We show that a gene-desert region at 13q21 of approximately 3.9 Mb in size possesses an inherent potential to form evolutionarily new centromeres over, at least, approximately 95 million years of mammalian evolution. The striking absence of genes may represent an important property, making the region tolerant to the extensive pericentromeric reshuffling during subsequent evolution. Comparison of the pericentromeric organization of chromosome 13 in four Old World monkey species revealed many differences in sequence organization. The region contains clusters of duplicons showing peculiar features.
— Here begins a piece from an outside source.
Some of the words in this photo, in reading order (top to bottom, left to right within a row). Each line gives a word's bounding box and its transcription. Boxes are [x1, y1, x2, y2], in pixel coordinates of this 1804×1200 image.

Human neocentromeres are functional, analphoid centromeres that emerge epigenetically in ectopic chromosomal regions [1–4]. In the majority of cases, neocentromeres appear to rescue the mitotic stability of acentric chromosomal fragments, often giving rise to aneuploidy . Studies on the evolutionary history of human chromosomes have shown that the centromere can reposition along the chromosome without marker order variation or leading to aneuploidy. This phenomenon is known as 'centromere repositioning' (CR) and has been reported in primates [6–11], in non-primate placental mammals [12, 13], marsupials , birds , and plants .
Recently, two cases of 'repositioned' centromeres in otherwise normal individuals were fortuitously discovered [11, 17]. These two cases can be considered as evolutionary centromere repositioning 'in progress' .
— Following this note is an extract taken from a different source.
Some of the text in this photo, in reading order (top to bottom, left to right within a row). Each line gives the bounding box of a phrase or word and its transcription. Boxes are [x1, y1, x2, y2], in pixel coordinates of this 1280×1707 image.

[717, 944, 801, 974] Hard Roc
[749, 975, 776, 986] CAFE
Two human neocentromeres were cytogenetically mapped to duplicons that flanked an ancestral centromere in band 15q24-26 that inactivated before hominoid divergence . Additionally, a neocentromere at 3q26.1 was found located in the same chromosomal domain where an evolutionarily new centromere appeared in the Old World monkey (OWM) ancestor . These studies, which used relatively low resolution cytogenetic techniques, suggested an intriguing relationship between human neocentromeres, ancestral centromeres and evolutionarily new centromeres (repositioned centromeres), which could represent the same phenomenon at different stages of fixation.
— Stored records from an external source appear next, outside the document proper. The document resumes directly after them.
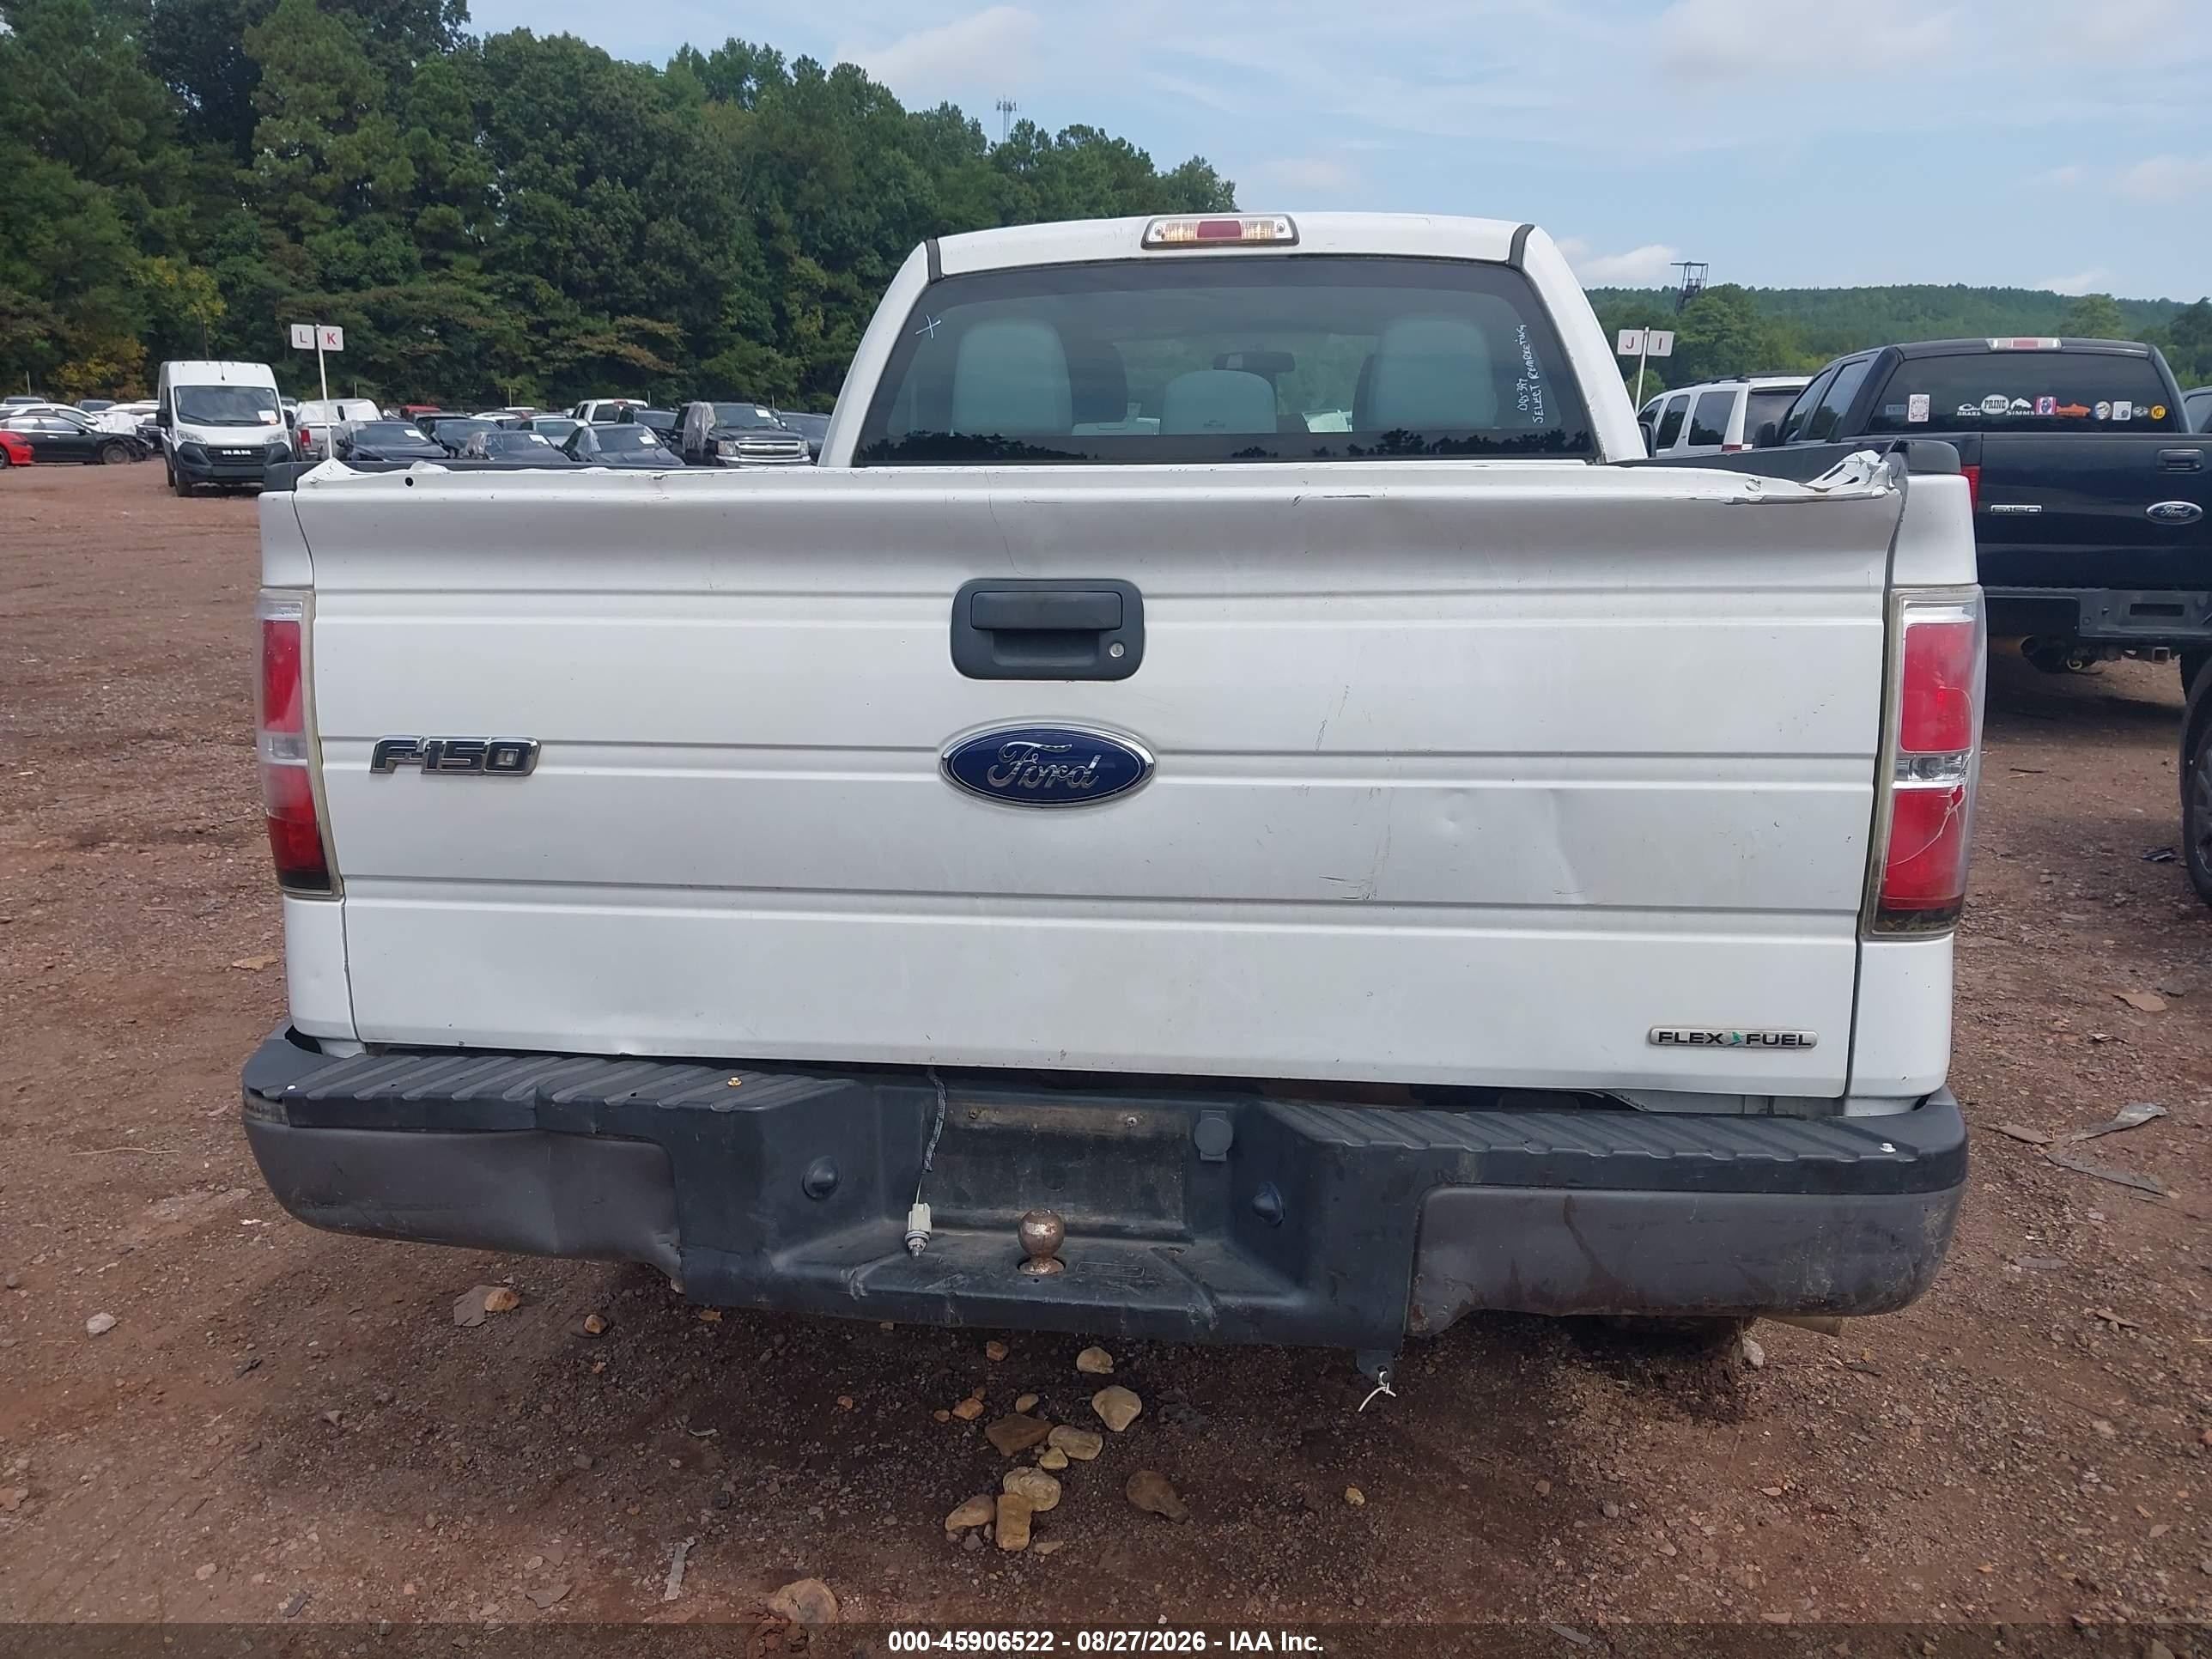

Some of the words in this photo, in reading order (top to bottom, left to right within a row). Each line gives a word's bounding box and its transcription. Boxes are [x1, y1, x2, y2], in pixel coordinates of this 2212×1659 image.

[299, 331, 308, 343] L
[326, 332, 337, 344] K
[1626, 336, 1635, 349] J
[1529, 385, 1544, 423] SELECT
[1984, 399, 2006, 410] PRINE
[988, 741, 1103, 789] Ford
[1658, 1031, 1724, 1045] FLEX
[1746, 1033, 1812, 1046] FUEL
Sequences underlining some human neocentromeres have been identified using chromatin immunoprecipitation and genomic microarray (ChIP CHIP) analysis [18–20]. However, despite these recent advances, hypotheses to comprehensively explain the neocentromere phenomenon remain elusive. Phylogenomic studies could eventually provide information about the features, mechanisms and processes of evolutionarily new centromere seeding and development. We report here the evolutionary history of chromosome 13, which exhibits the most extensive clustering of neocentromeres of any human chromosome [3–5]. We found that this chromosome has been exceptionally conserved in evolution and we identified a locus, corresponding to human chromosome band 13q21, where CR events independently occurred in the OWM and pig lineages, whose ancestors diverged at least 95 million years ago (Mya). To further delineate the relationship between human neocentromeres and evolutionarily new centromeres, we used high resolution ChIP CHIP technology to determine the position of two human neocentromeres located in band 13q21. This analysis showed that the neocentromeres do not colocalize with each other or with the OWM and pig evolutionarily new centromeres at the sequence level, but instead map within a few Mb of them.
Chromosome 13 evolution
Human probes used in the study
UCSC (May 2004)
Duplicons >20 kb (kb)
20,660,153-20,838,143 (178 kb)
23,779,363-24,076,626 (279 kb)
24,400,396-24,504,215 (104 kb)
34,390,618-34,605,903 (215 kb)
40,186,105-40,396,852 (210 kb)
40,892,985-40,914,548 (21 kb)
41,919,710-41,988,111 (68 kb)
45,879,285-45,940,396 (61 kb)
51,634,782-52,115,918 (481 kb)
56,611,299-56,645,585 (34 kb)
63,188,927-63,316,389 (127 kb)
91,231,475-92,135,792 (894 kb)
111,979,464-112,007,994 (28 kb)
This analysis was also performed in selected mammals for which BAC libraries were available. The sequence encompassed by each human BAC of the basic panel (in bold in Table 1) was searched for conservation against mouse and rat genomes. 'Overgo' probes were designed on the most conserved region of each BAC. The only exception was marker G, for which a highly conserved region was identified 2 Mb apart from the corresponding human marker. The overgo probes were then used to screen BAC libraries from cattle (CHORI-240 library), horse (CHORI-241), pig (CHORI-242), and cat (RPCI-86). This approach facilitated comparative mapping by assembling a panel of mammalian probes (Additional data file 1) orthologous to the loci encompassed by the human BACs. The identification of additional cattle probes took advantage of the collection of BAC clones positioned on the human sequence by BAC ends, as reported in Larkin et al. . Results in non-primate mammals are also reported in Figure 2a, which shows the most parsimonious chromosomal changes necessary to reconstruct chromosome 13 evolution. In a comprehensive phylogenetic analysis of 64 species, Murphy et al.  defined four large superordinal clades of placental mammals, where Carnivora (cat (FCA)), Perissodactyla (horse (ECA)), and Cetartiodactyla (cattle (BTA), and pig (SUS)) belonged to clade IV and primates belonged to clade III. Remarkably, only a small inversion (markers E-F-G, Table 1, Figure 2a) distinguished the marker order of cat, horse, and pig (clade IV) with respect to primates (clade III).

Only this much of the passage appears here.